The present invention relates to engine stands and engine lifting devices. More specifically, but without limitation, the present invention relates to a portable, combination engine stand and hoist for lifting and supporting an automobile engine or other heavy equipment. It should be noted that the terms "engine hoist" and "engine stand" are the terms commonly used in the art to describe devices for lifting and supporting not only engines but also all types of heavy equipment such as transmissions, automobile rear ends and other objects commonly found in garages, machine shops and the like.
The removal of heavy engines from automobiles, with or without the transmission or transaxle attached, is normally accomplished by removing the hood and lifting the engine out the top of the vehicle. An engine hoist is normally used to accomplish the lifting task. Once removed, the heavy engine and/or transmission is transferred to a stand where disassembly and repair are performed. Many attempts have been made to provide both engine hoists and engine stands. U.S. Pat. No. 3,599,812 and Canadian Patent No. 887498 disclose pivoting arm type hoisting devices mounted on vertically extending columns and activated by hydraulic means to lift engines from vehicles. U.S. Pat. 4,508,223 discloses an arm type hoisting device with a telescoping support column and provides a feature that maintains a constant lifting angle as the arm is raised. Other devices have been developed for specialized hoisting applications such as removal of an engine from an automotive van. Such a device is shown in U.S. Pat. No. 4,497,469 and may be attached to a conventional floor hoist. However, separate engine hoisting devices and engine stands occupy considerable floor space in addition to being expensive.

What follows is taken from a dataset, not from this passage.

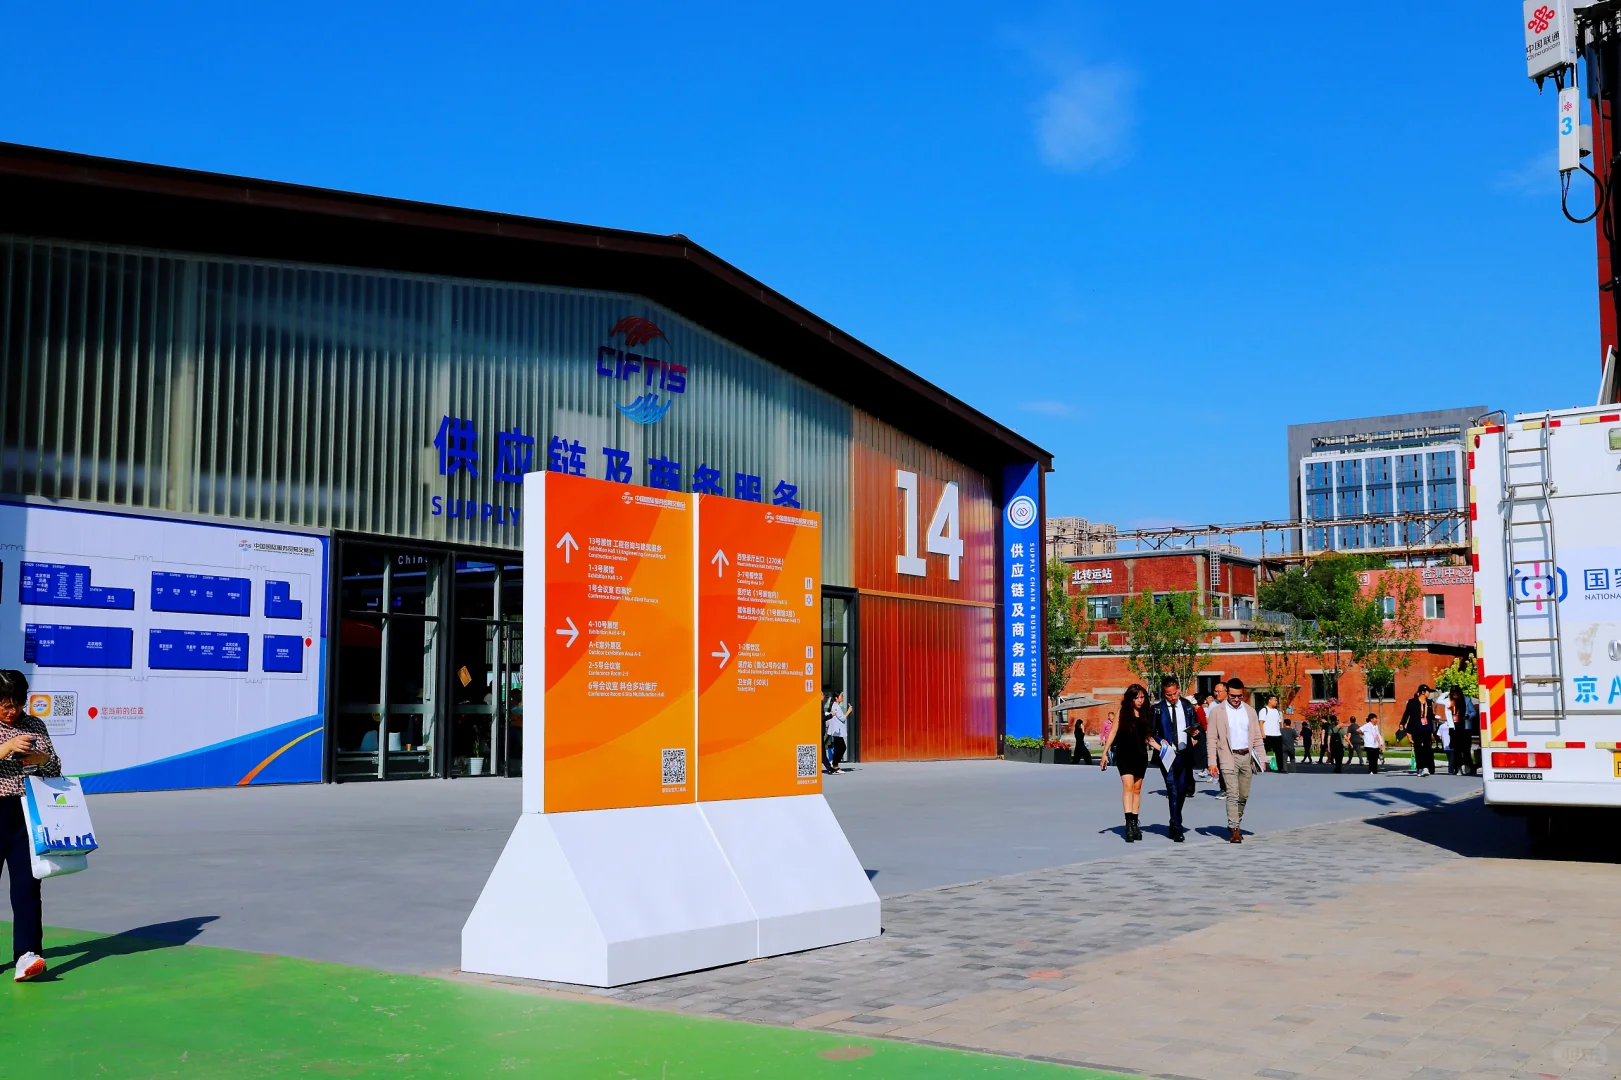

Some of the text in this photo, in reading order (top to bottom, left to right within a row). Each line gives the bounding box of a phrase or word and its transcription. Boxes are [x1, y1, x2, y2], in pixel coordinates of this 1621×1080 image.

Accordingly, combination units have been developed which reduce the amount of floor space utilized as well as reduce the cost by eliminating needless repetition of frame members, supports and casters, for example. Such a unit is shown in U.S. Pat. No. 4,588,165 which utilizes separate vertical supports for the hoisting unit and for the stand unit and may be separated into individual hoisting and stand units. Another unit, shown in U.S. Pat. No. 4,523,888 discloses a combination hoisting, handling and metal working machine.

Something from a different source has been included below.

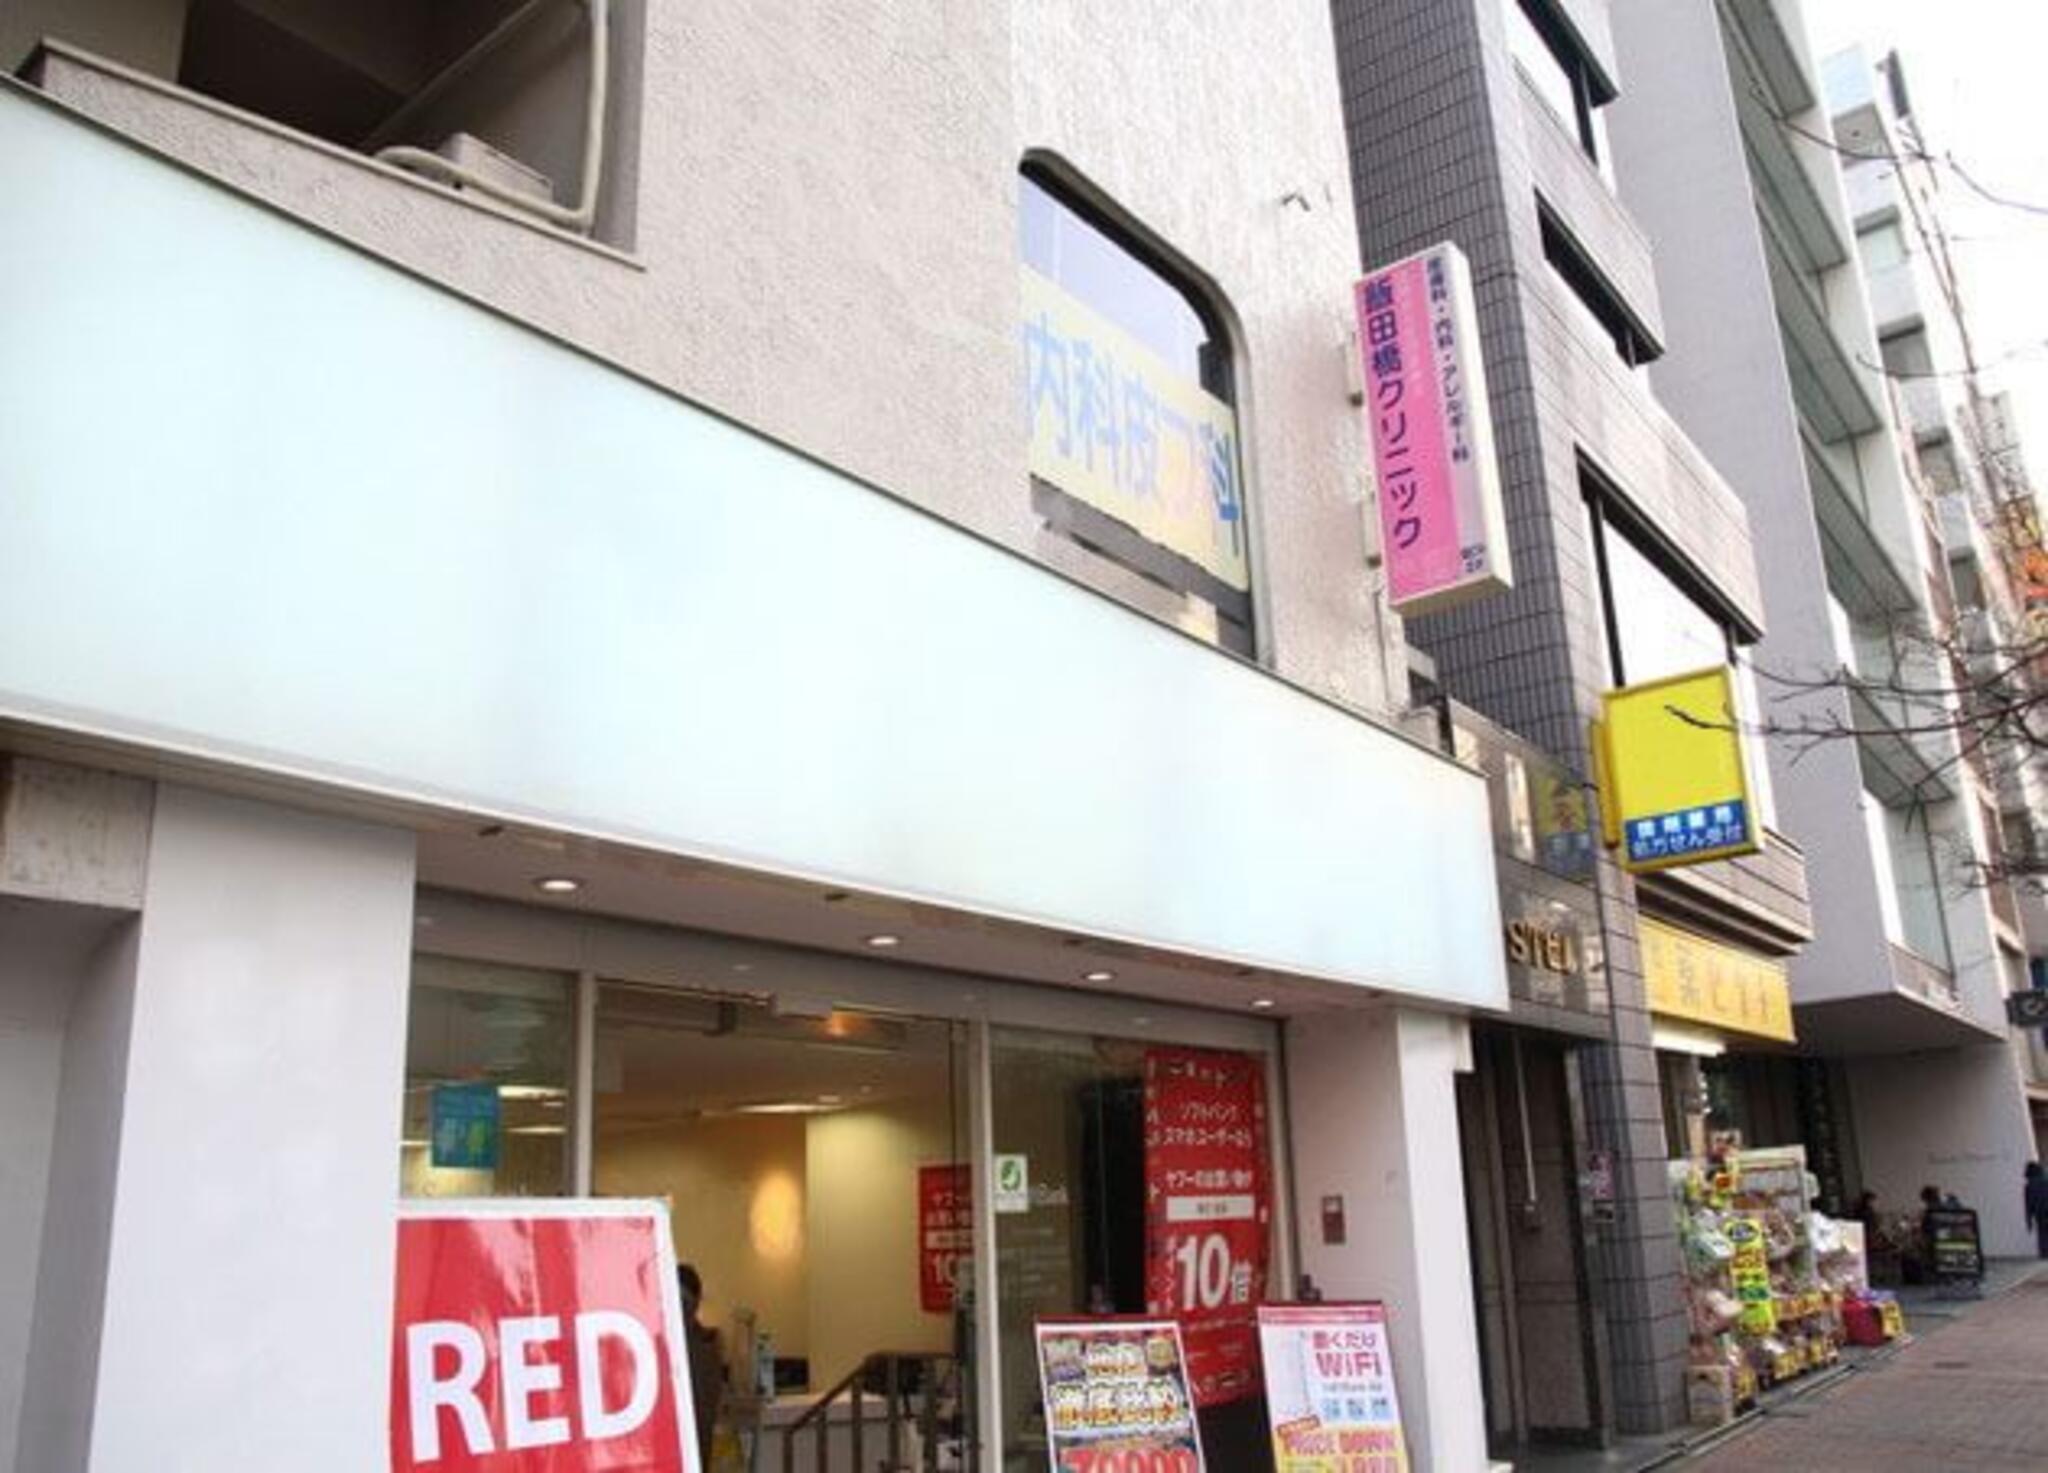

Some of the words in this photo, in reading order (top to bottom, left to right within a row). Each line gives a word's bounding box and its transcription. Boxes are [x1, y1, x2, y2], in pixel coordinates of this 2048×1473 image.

[1365, 275, 1421, 550] 飯田橋クリニック
[406, 1310, 660, 1464] RED

While these known devices may be suitable for their intended purpose, none provides a truly compact unit that can: both easily and efficiently hoist and support an engine; utilize a minimum of components and provide for a removable tool tray; provide a common support column for both hoisting an engine from an automobile and mounting the engine on an engine stand; yield maximum floor space in and around the device; provide more versatility in orientation of its component parts and therefor more convenient access to loads in a tight space, and provide minimum interference by one part when utilizing the other part.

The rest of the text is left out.